#### DATA RECORDS:

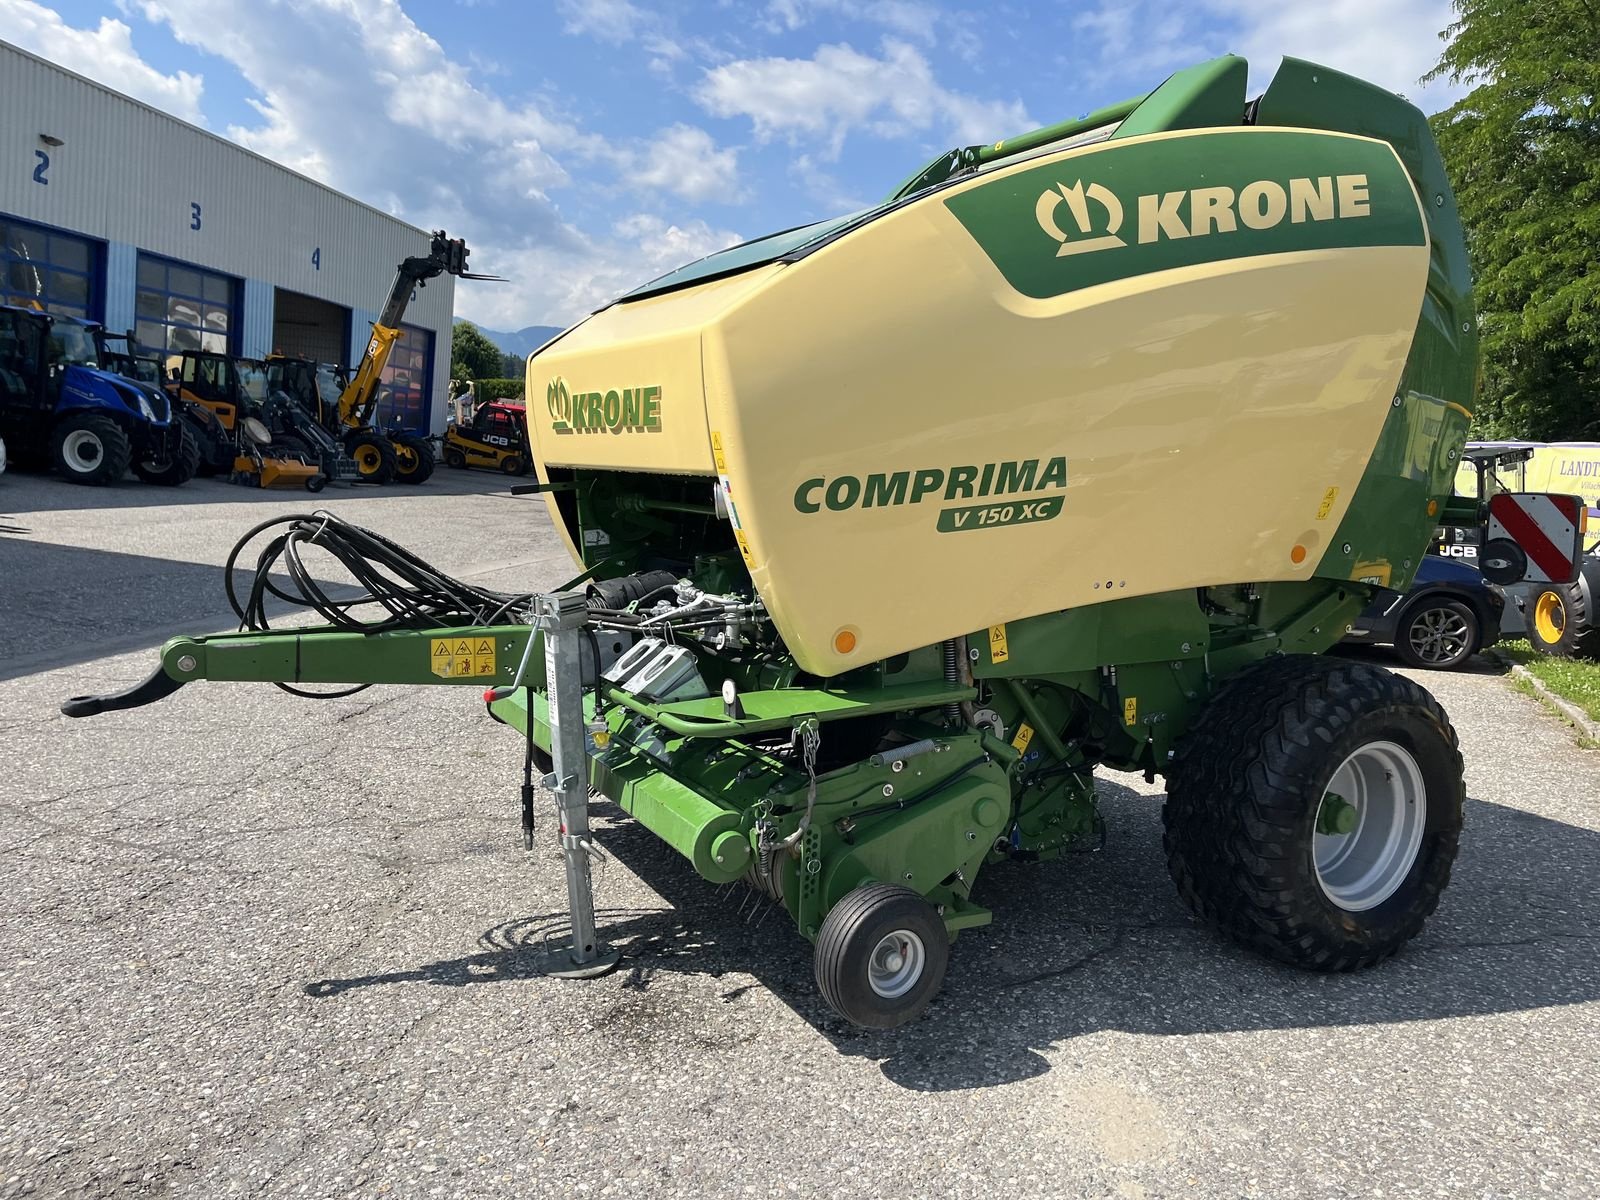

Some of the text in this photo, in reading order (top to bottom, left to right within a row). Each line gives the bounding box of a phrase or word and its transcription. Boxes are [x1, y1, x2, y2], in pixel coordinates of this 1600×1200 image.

[33, 149, 49, 185] 2
[191, 201, 201, 230] 3
[1138, 174, 1371, 244] KRONE
[311, 247, 320, 270] 4
[572, 386, 661, 432] KRONE
[482, 434, 508, 446] JCB
[1560, 460, 1600, 477] LANDT
[793, 456, 1067, 514] COMPRIMA
[953, 502, 1051, 528] V 150 XC
[1439, 545, 1477, 557] JCB

#### PROBLEM REQUIREMENTS:
Quote all of the entries word for word, omitting any pictures.

#### ANSWER TO THE PROBLEM:
Some of the text in this photo, in reading order (top to bottom, left to right within a row). Each line gives the bounding box of a phrase or word and its transcription. Boxes are [x1, y1, x2, y2], in pixel coordinates of this 1600×1200 image.

[33, 149, 49, 185] 2
[191, 201, 201, 230] 3
[1138, 174, 1371, 244] KRONE
[311, 247, 320, 270] 4
[572, 386, 661, 432] KRONE
[482, 434, 508, 446] JCB
[1560, 460, 1600, 477] LANDT
[793, 456, 1067, 514] COMPRIMA
[953, 502, 1051, 528] V 150 XC
[1439, 545, 1477, 557] JCB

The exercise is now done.